The causes and management of nonunion of femoral subtrochanteric shortening osteotomy in a THA patient: a case reportSong Gong, Weihua Xu, Ruoyu Wang, Shaokai Liu, Lizhi Han, Guo Chen & Bo Wang
Total hip arthroplasty (THA) is considerably difficult to perform in patients with Crowe type IV developmental dysplasia of the hip (DDH). Some Crowe type IV DDH patients require a femoral subtrochanteric shortening osteotomy to equalize the length of the lower extremities and decrease the difficulty of intraoperative reduction.
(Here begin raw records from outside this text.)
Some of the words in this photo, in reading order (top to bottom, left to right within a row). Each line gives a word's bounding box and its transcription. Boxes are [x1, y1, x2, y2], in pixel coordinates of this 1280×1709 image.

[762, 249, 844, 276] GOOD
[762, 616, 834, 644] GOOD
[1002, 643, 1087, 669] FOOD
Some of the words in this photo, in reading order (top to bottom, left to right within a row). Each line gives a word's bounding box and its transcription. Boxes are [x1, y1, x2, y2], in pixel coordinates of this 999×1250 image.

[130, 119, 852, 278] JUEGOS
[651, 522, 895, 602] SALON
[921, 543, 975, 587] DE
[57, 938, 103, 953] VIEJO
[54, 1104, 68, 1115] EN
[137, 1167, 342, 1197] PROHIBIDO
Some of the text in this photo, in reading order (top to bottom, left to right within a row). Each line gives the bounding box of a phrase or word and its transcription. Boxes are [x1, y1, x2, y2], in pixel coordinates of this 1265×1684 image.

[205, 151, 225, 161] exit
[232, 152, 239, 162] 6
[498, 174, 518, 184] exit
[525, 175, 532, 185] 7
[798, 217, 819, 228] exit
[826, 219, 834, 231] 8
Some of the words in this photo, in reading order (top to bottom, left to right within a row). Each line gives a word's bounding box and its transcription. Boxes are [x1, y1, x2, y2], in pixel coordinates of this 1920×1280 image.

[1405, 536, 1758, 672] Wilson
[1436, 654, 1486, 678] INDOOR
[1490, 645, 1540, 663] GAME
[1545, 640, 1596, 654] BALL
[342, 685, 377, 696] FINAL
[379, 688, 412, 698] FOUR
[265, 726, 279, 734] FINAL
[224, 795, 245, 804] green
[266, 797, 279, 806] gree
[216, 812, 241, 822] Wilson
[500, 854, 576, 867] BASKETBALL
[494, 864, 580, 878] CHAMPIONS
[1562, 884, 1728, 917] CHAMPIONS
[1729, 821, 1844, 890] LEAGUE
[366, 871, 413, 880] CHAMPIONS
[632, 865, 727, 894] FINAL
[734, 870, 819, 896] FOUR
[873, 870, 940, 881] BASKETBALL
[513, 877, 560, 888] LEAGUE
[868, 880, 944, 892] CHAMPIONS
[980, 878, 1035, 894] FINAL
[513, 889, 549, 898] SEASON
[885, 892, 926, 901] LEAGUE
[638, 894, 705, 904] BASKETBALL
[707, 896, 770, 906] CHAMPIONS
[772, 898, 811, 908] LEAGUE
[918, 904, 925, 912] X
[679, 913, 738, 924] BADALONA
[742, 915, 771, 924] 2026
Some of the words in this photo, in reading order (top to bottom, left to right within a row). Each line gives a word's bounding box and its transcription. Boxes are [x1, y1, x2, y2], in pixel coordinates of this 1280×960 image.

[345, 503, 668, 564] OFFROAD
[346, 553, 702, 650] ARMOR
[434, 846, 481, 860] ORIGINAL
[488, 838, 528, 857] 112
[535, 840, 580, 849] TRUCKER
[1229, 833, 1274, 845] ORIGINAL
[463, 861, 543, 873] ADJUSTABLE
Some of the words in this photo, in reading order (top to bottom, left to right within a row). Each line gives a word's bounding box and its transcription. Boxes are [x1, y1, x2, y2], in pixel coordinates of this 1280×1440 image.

Subtrochanteric transverse osteotomy has been proven to have superior clinical efficacy, but some cases of nonunion occur.
We present the case of a 62-year-old male patient who underwent right THA with femoral subtrochanteric transverse osteotomy due to Crowe type IV DDH. Nonunion of the osteotomy occurred during the follow-up period. In July 2017, the patient underwent right THA and femoral subtrochanteric transverse osteotomy due to Crowe type IV DDH. In November 2017, a slight feeling of bone rubbing and slight pain in the hip were reported. The ends of the osteotomy had rotated and united poorly. However, the patient requested to undergo continued observation. In December 2017, the patient reported an obvious sensation of bone rubbing and aggravated hip pain. The ends of the osteotomy had rotated and continued to exhibit nonunion. On December 26, 2017, the patient was treated with plate and screw internal fixation with bone morphogenetic protein (BMP) following our suggestion. In August 2018, the ends of the osteotomy had united after internal fixation was applied.
THA with femoral subtrochanteric transverse osteotomy exhibits good efficacy for the treatment of patients with Crowe type IV DDH. However, postoperative nonunion occurs in a small number of cases. The causes of nonunion should be analysed, and effective measures should be taken to prevent this situation. Plate and screw internal fixation with BMP is an effective treatment for nonunion of the ends of an osteotomy.